--- Data section ---

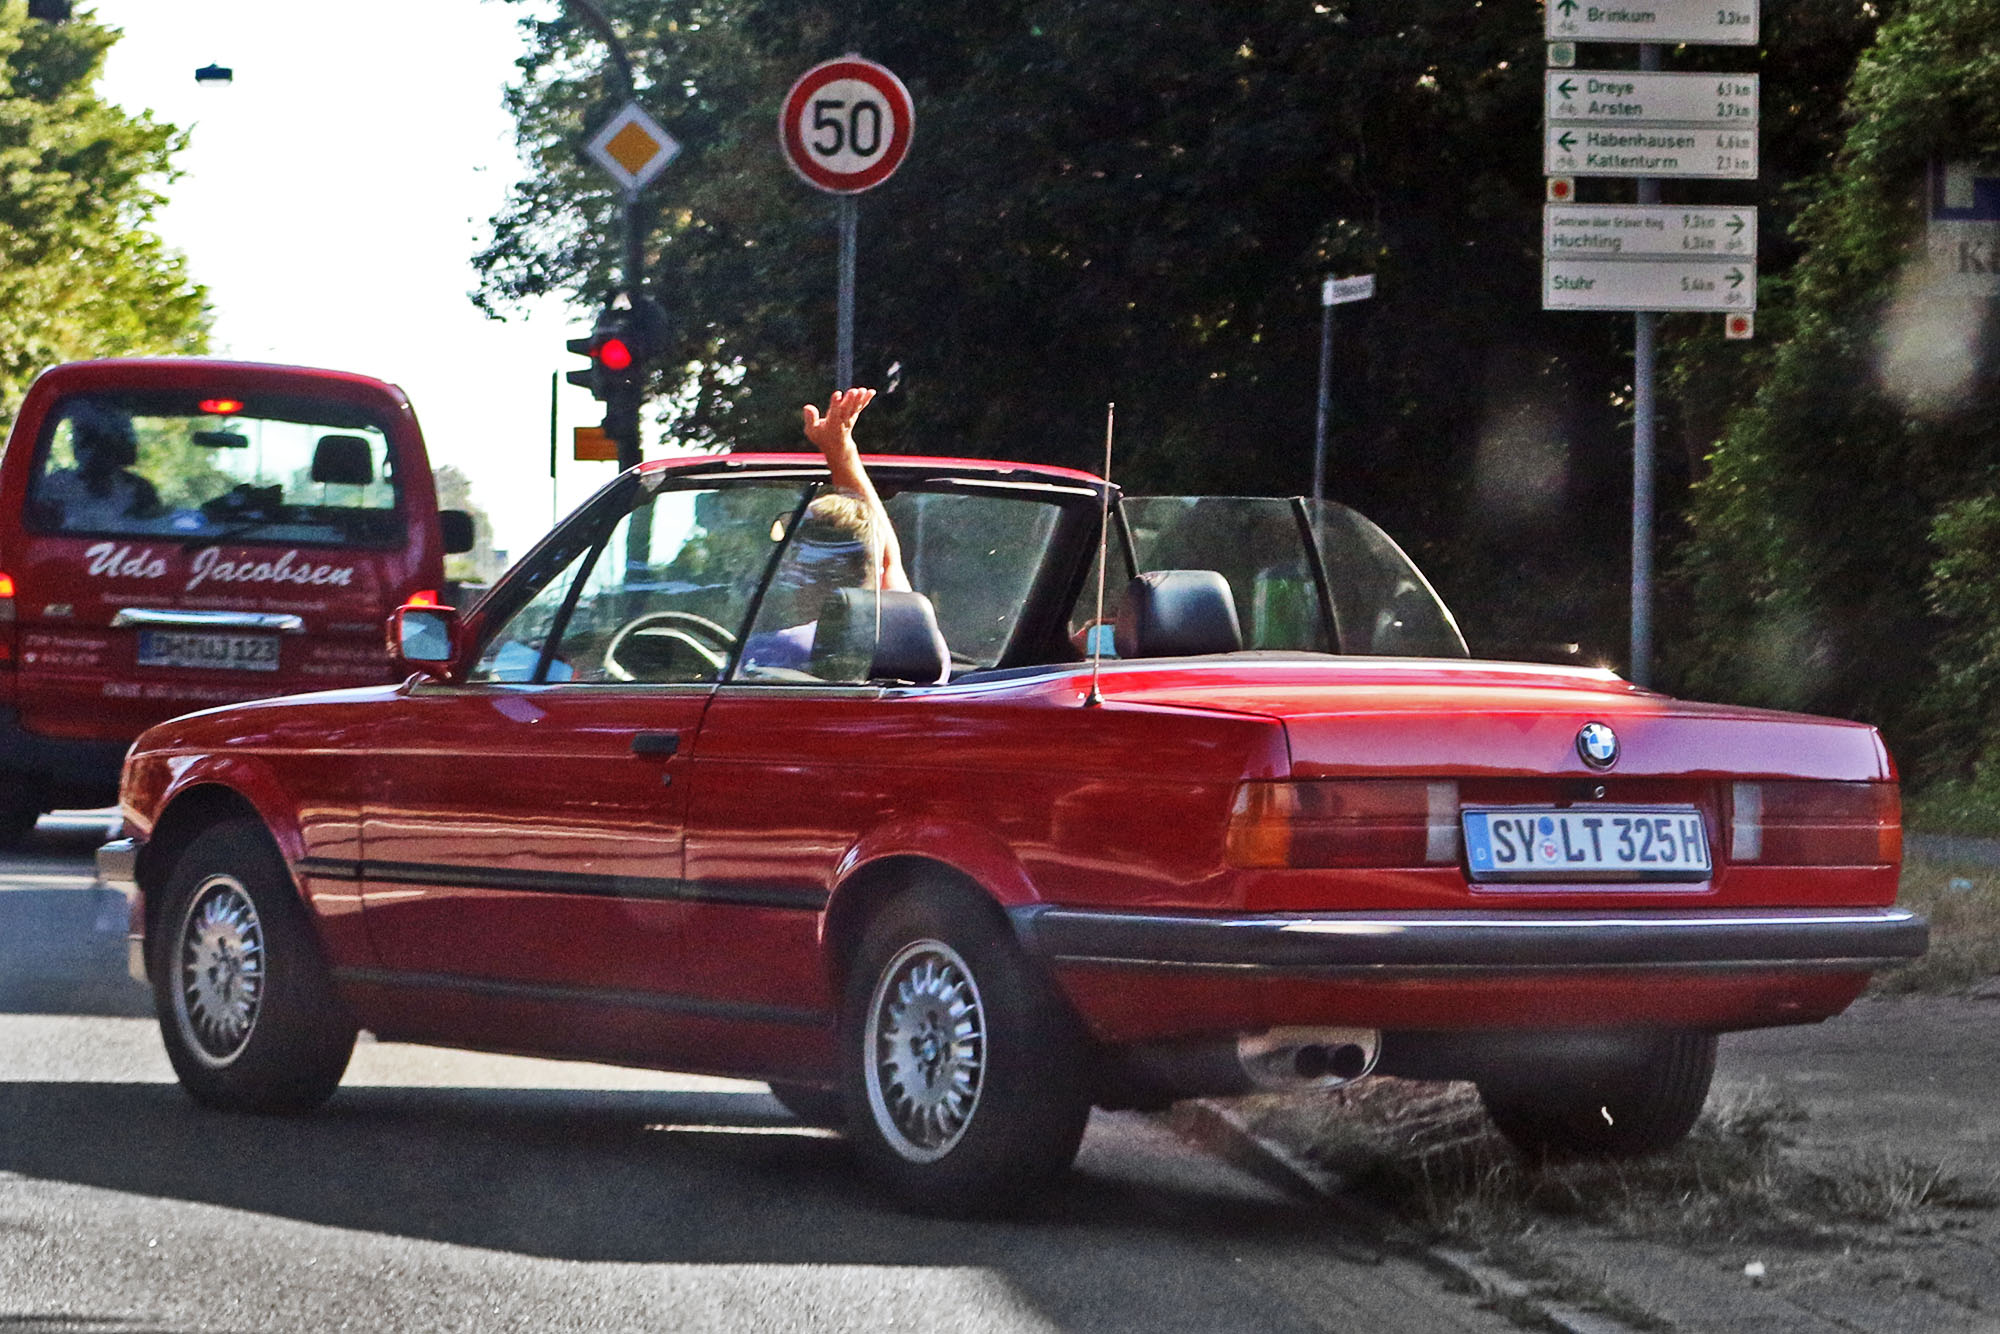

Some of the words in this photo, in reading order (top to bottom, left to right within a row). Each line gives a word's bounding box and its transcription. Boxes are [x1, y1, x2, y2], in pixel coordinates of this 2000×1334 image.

[1587, 7, 1656, 23] Brinkum
[1587, 78, 1635, 97] Dreye
[1587, 100, 1643, 115] Arsten
[812, 99, 882, 157] 50
[1587, 132, 1695, 148] Habenhausen
[1587, 154, 1678, 169] Kattenturm
[1553, 234, 1622, 251] Huchting
[1553, 275, 1596, 290] Stuhr
[84, 540, 167, 579] Udo
[185, 546, 355, 590] Jacobsen
[1492, 818, 1536, 863] SY
[1560, 818, 1602, 862] LT
[1612, 819, 1703, 863] 325H

---

* [Task to carry out]:
Leaving the pictures aside, give back all the records exactly as they are.

* [Answer for this exercise]:
Some of the words in this photo, in reading order (top to bottom, left to right within a row). Each line gives a word's bounding box and its transcription. Boxes are [x1, y1, x2, y2], in pixel coordinates of this 2000×1334 image.

[1587, 7, 1656, 23] Brinkum
[1587, 78, 1635, 97] Dreye
[1587, 100, 1643, 115] Arsten
[812, 99, 882, 157] 50
[1587, 132, 1695, 148] Habenhausen
[1587, 154, 1678, 169] Kattenturm
[1553, 234, 1622, 251] Huchting
[1553, 275, 1596, 290] Stuhr
[84, 540, 167, 579] Udo
[185, 546, 355, 590] Jacobsen
[1492, 818, 1536, 863] SY
[1560, 818, 1602, 862] LT
[1612, 819, 1703, 863] 325H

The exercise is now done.